Tuesday 15 June 2010

Bad Ma Ra Khahad Bord (The Wind Will Carry Us)

This 1999 Abbas Kiarostami picture is a terrific film, with many diferent themes coming together in a highly original execution of a traditional 'outside in town' theme.
One of the interesting tactics used by Kiarostami is the way that we often don't see the face of who is talking or, more likely, who is being talked to. This gives the whole exercise very much a one-man-centric feel, along with some Kafka-esque suggestions (mild references to 'The Castle') thoughout. It also adds to the sense which leads us to never quite have all the pieces in the story, even though about a third of the way through we come to catch the drift.
As for the story, it becomes clearer as a study of a man. He is very unlikable, but this characterisation is done intelligently, so as not to be over the top. Indeed, there is something deeply uncomfortable about everything 'wrong' he does because we recognise that these are precisely the sorts of things we may well find ourselves doing in the same situations. Little acts of thoughtlessness, domination It remains closer to realism that way, and feels very direct, not ostentatious but indeed powerful.
The village we are in, the repititious shots and backdrops, are beautiful, but Kiarostami does not lay this out for us in a traditional 'photographic' sense. The images are not really images, they are moving tableaus....but not really tableaus as we rarely to never notice it as a set up of the camera. The symbols, if you want to call them that, are curious and opaque. It is a film that leaves one thinking, even if you are not at all too sure what about.

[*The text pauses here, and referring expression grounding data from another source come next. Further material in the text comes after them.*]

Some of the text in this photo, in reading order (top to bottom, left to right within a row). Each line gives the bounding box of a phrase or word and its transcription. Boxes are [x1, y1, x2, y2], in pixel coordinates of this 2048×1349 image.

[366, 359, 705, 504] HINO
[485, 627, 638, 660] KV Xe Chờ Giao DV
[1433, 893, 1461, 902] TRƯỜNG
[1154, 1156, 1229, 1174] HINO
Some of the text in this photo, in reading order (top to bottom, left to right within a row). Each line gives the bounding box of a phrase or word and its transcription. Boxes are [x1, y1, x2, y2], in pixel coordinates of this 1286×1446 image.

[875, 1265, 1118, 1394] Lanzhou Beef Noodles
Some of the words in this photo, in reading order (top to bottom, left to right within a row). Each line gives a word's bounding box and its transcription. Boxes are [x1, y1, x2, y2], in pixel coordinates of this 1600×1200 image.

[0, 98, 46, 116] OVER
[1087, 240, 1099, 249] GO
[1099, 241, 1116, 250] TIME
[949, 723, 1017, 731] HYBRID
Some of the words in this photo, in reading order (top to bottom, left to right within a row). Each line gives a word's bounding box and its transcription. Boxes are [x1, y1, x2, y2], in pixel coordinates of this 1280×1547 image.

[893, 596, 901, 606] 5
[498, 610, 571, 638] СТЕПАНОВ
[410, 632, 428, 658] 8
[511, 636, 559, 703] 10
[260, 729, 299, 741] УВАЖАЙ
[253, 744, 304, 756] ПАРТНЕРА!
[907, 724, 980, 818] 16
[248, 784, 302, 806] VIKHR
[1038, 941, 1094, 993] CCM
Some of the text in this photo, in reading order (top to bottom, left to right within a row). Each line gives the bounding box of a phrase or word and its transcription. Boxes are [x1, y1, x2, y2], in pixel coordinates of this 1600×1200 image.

There is one particularly memorable scene, of the underground milking, that does have a beautiful still image. The character uses and the poem read fit perfectly.
So, the end of this film is like the rest; we are not evil, we have done something wrong, it is also very beautiful, mystical even, but certainly not graspable. This film leaves one with a feeling rather than a thought. If no one is lovable, one is never quite gunning for anything or anyone, it quietly creeps up and engages you.
An excellent film, a genuine artwork in so far as it is different from the great mass of both narrative and imagistic cinema, even as it is part of those two traditions.